Problem: The required output is the line containing "this 1800×1350 image." and every line after it, transcribed exactly through the end of the data below.

Data provided:
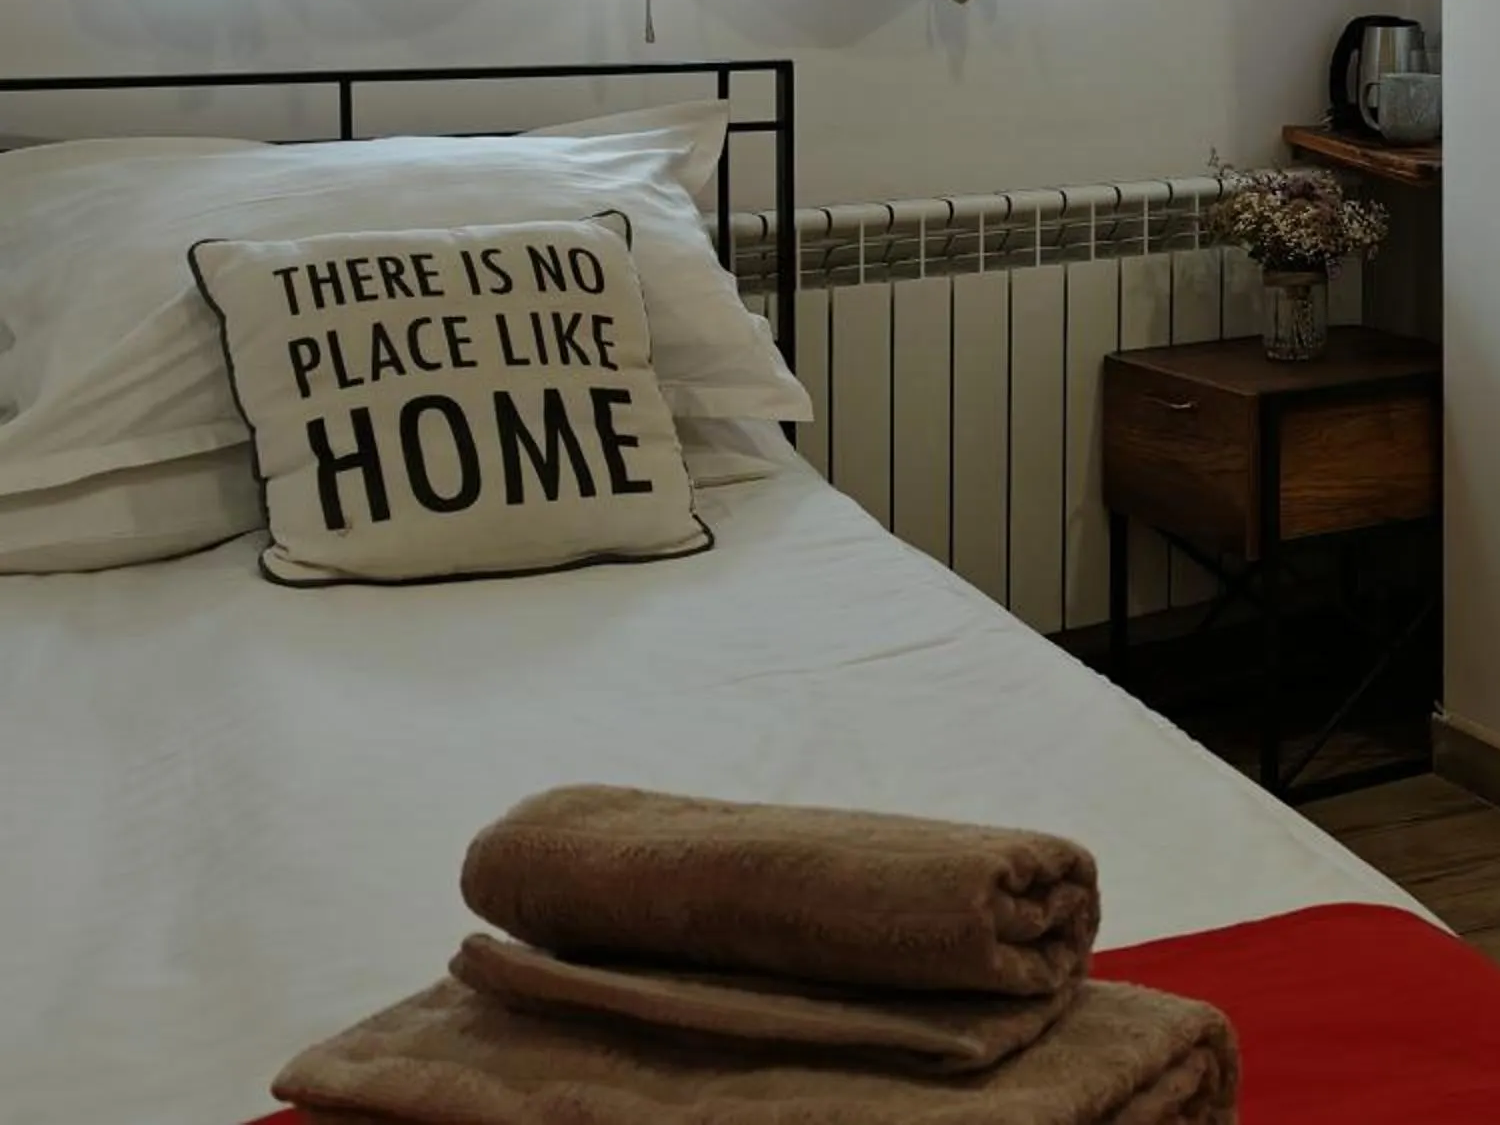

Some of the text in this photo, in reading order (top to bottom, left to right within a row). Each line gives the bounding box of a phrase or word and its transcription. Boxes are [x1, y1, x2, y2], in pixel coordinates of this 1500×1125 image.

[273, 244, 606, 316] THERE IS NO
[288, 312, 619, 398] PLACE LIKE
[306, 388, 653, 530] HOME
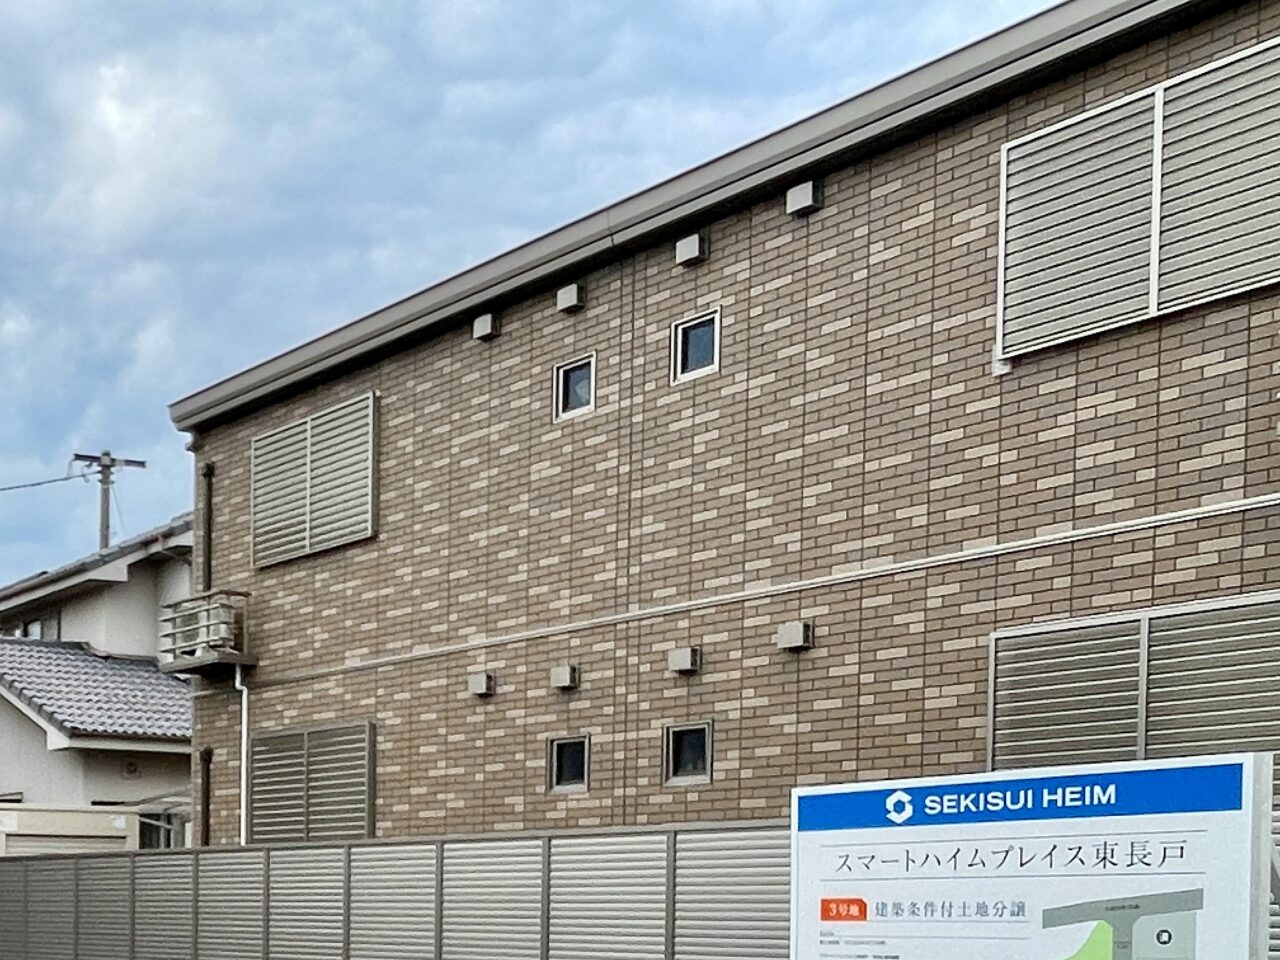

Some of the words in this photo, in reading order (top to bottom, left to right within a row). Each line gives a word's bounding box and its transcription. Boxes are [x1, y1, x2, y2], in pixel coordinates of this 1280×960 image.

[924, 788, 1033, 816] SEKISUI
[1042, 783, 1117, 808] HEIM
[835, 840, 1188, 874] スマートハイムプレイス東長戸
[875, 900, 1026, 918] 建築条件付土地分譲
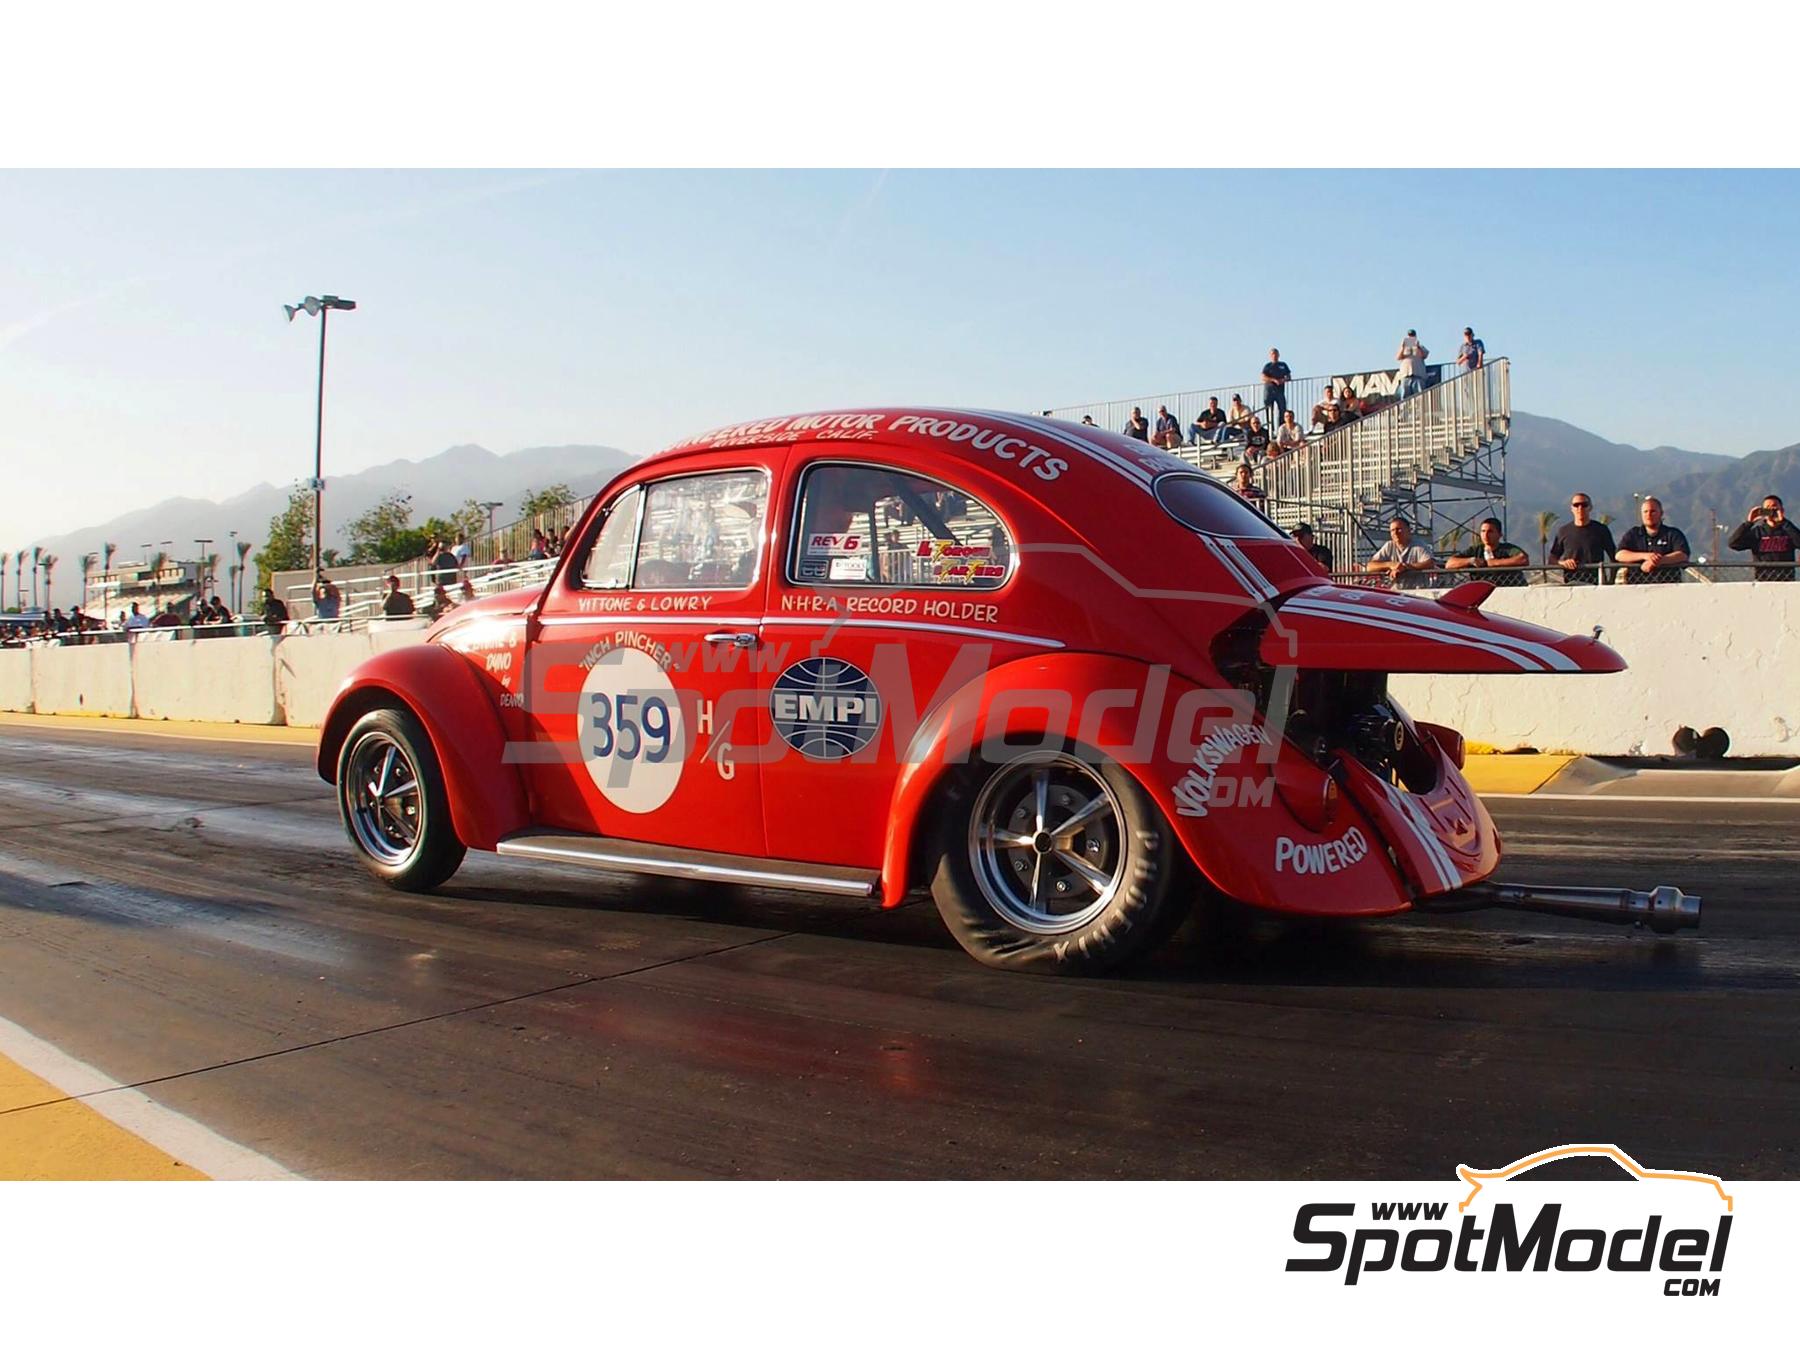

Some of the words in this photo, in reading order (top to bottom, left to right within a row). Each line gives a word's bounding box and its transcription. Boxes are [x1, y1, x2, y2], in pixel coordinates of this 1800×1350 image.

[709, 430, 806, 448] RIVERSIDE
[785, 414, 886, 431] MOTOR
[889, 414, 1070, 481] PRODUCTS
[811, 535, 845, 547] REV
[843, 535, 862, 551] 6
[578, 597, 633, 612] VITTONE
[636, 599, 646, 611] &
[650, 595, 713, 611] LOWRY
[846, 597, 918, 615] RECORD
[922, 600, 998, 624] HOLDER
[773, 694, 879, 724] EMPI
[590, 692, 671, 764] 359
[1171, 723, 1273, 817] VOLKSWAGEN
[1274, 826, 1368, 875] POWERED

Expected answer:
Some of the words in this photo, in reading order (top to bottom, left to right within a row). Each line gives a word's bounding box and its transcription. Boxes are [x1, y1, x2, y2], in pixel coordinates of this 1800×1350 image.

[709, 430, 806, 448] RIVERSIDE
[785, 414, 886, 431] MOTOR
[889, 414, 1070, 481] PRODUCTS
[811, 535, 845, 547] REV
[843, 535, 862, 551] 6
[578, 597, 633, 612] VITTONE
[636, 599, 646, 611] &
[650, 595, 713, 611] LOWRY
[846, 597, 918, 615] RECORD
[922, 600, 998, 624] HOLDER
[773, 694, 879, 724] EMPI
[590, 692, 671, 764] 359
[1171, 723, 1273, 817] VOLKSWAGEN
[1274, 826, 1368, 875] POWERED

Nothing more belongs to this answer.